I would like to introduce you to Regenerative Farming. This is a practice which is gaining popularity as more and more studies and evidence finds this to be an excellent solution to the the many questions and issues surrounding large farming operations. Benefits include: regenerating soil health, improved yields, reduction in cost of inputs. Technics include: crop rotations, grazing, no till (or strip till).
I hope you consider looking into it – degradation of the soil (loss of top soil) is a very important topic to consider when looking at sustainability for the land for future generations but also for current yields.
Beth, that sounds a lot like what farmers do already. Sorry, but this new kick for regenerative ag is just another way to put a fancy label on something farmers do now. We don’t need more labels.
It’s too bad you are unable to look at things from a fuller perspective. I am not sure what is going on with your blog that you would very selectively post opinions but it seems like a dishonest way to run the site.

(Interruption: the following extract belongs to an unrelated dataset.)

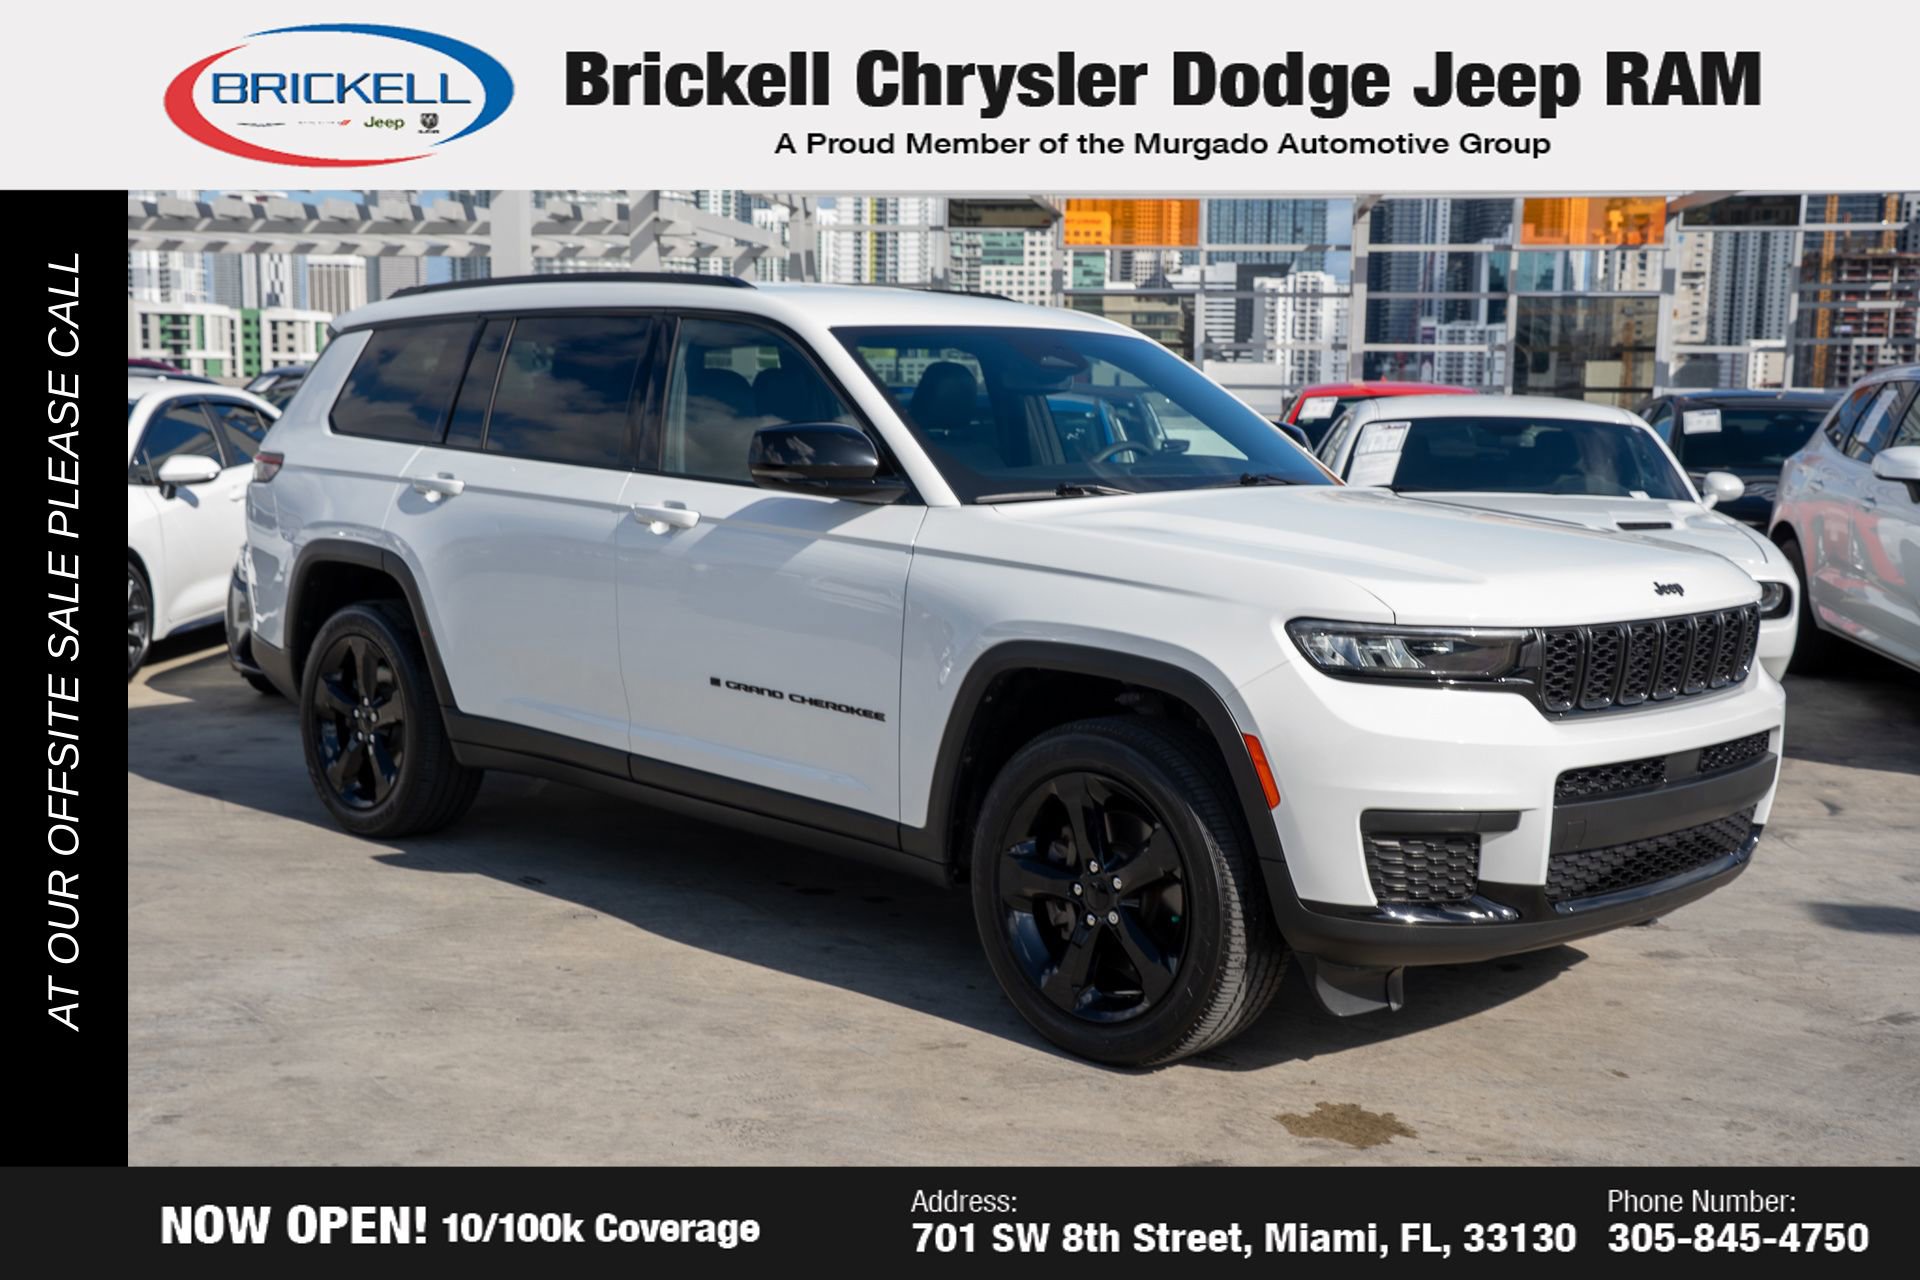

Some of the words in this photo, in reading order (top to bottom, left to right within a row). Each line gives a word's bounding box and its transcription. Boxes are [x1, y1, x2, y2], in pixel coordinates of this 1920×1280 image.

No one is going to stop making chemicals anytime soon in reality, so I could respect your blog a little better if you weren’t pushing for a narrative that just doesn’t exist thereby igniting fears and mistrust for anything other than your conventional thinking. You have my email, I’d be glad to interact. Pretty sure I won’t be hearing from you but am open to it.
I have a full time job, a puppy, and other responsibilities. Approving comments isn’t my priority, honestly. So there’s no evil intent.
Also, I wrote the article because I was asked about it. Not because I was trying to incite fear or anger. And as I concluded, we will still have herbicide options, so there isn’t anything to freak out about.